September 20, 1519: Ferdinand Magellan sets sail with a small fleet intending to circumnavigate the globe. Magellan became the first European to encounter what would later be dubbed the “Strait of Magellan,” cutting through the southern tip of South America. Hostile natives killed Magellan in a battle on the island of Mactan (today part of the Philippines), so he didn’t survive the voyage. But one of his ships—the Victoria—did, arriving in Spain in September 1522 under the command of Juan Sebastián Elcano and becoming the first vessel to successfully circle the Earth.

September 20, 1792: At the Battle of Valmy in northeastern France, a French revolutionary army defeats the invading Prussians under the Duke of Brunswick. The battle is also known as the “Cannonade of Valmy” because it never advanced beyond the opening artillery duel, with Brunswick opting to call off his infantry charge and retreat. The importance of Valmy probably cannot be overstated, as it prevented the Prussians from marching on Paris and potentially snuffing out the French Revolution before it really began. Partly because of this battle, France’s National Convention abolished the monarchy on September 21 and the French Republic was born.

French painter Horace Vernet’s 1826 The Battle of Valmy (UK National Gallery via Wikimedia Commons)

MIDDLE EAST

ISRAEL-PALESTINE

According to The Wall Street Journal, the Biden administration is internally giving up on the prospect of negotiating a Gaza ceasefire:

After months of saying a cease-fire and a hostage-release deal was close at hand, senior U.S. officials are now privately acknowledging they don’t expect Israel and Hamas to reach an agreement before the end of President Biden’s term.

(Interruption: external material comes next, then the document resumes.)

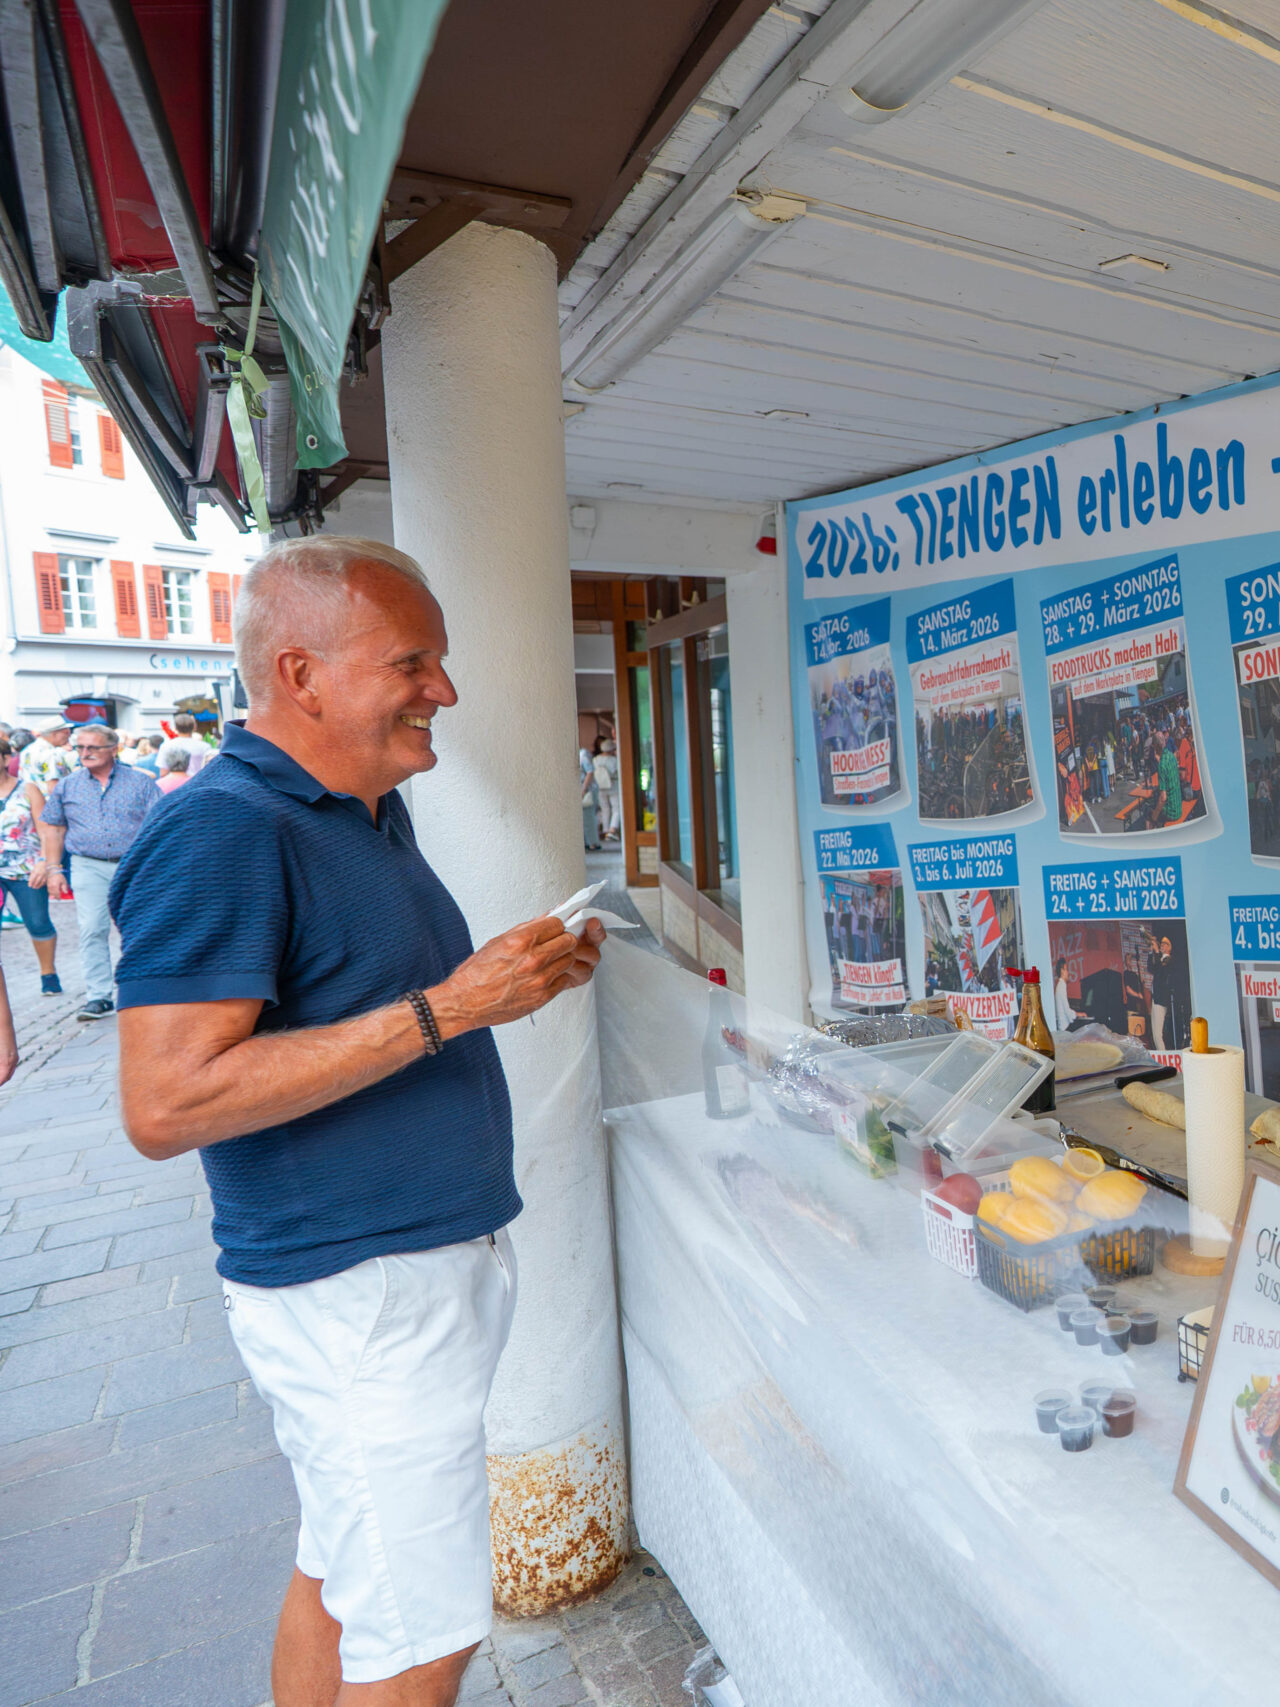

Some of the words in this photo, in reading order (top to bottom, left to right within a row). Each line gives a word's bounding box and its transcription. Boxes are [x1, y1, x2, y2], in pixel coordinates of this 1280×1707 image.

The administration won’t stop its pursuit of an agreement, seeing it as the only way to end the war in Gaza and stop a rapidly escalating conflict between Israel and Lebanese Hezbollah. The White House has previously said the warring parties have already agreed to “90 percent” of the deal’s text, so hope remains for a breakthrough. But a number of top-level officials in the White House, State Department, and Pentagon argue the warring parties won’t agree to the current framework.

“No deal is imminent,” one of the U.S. officials said. “I’m not sure it ever gets done.”

You might say they’ve tried nothing and they’re all out of ideas.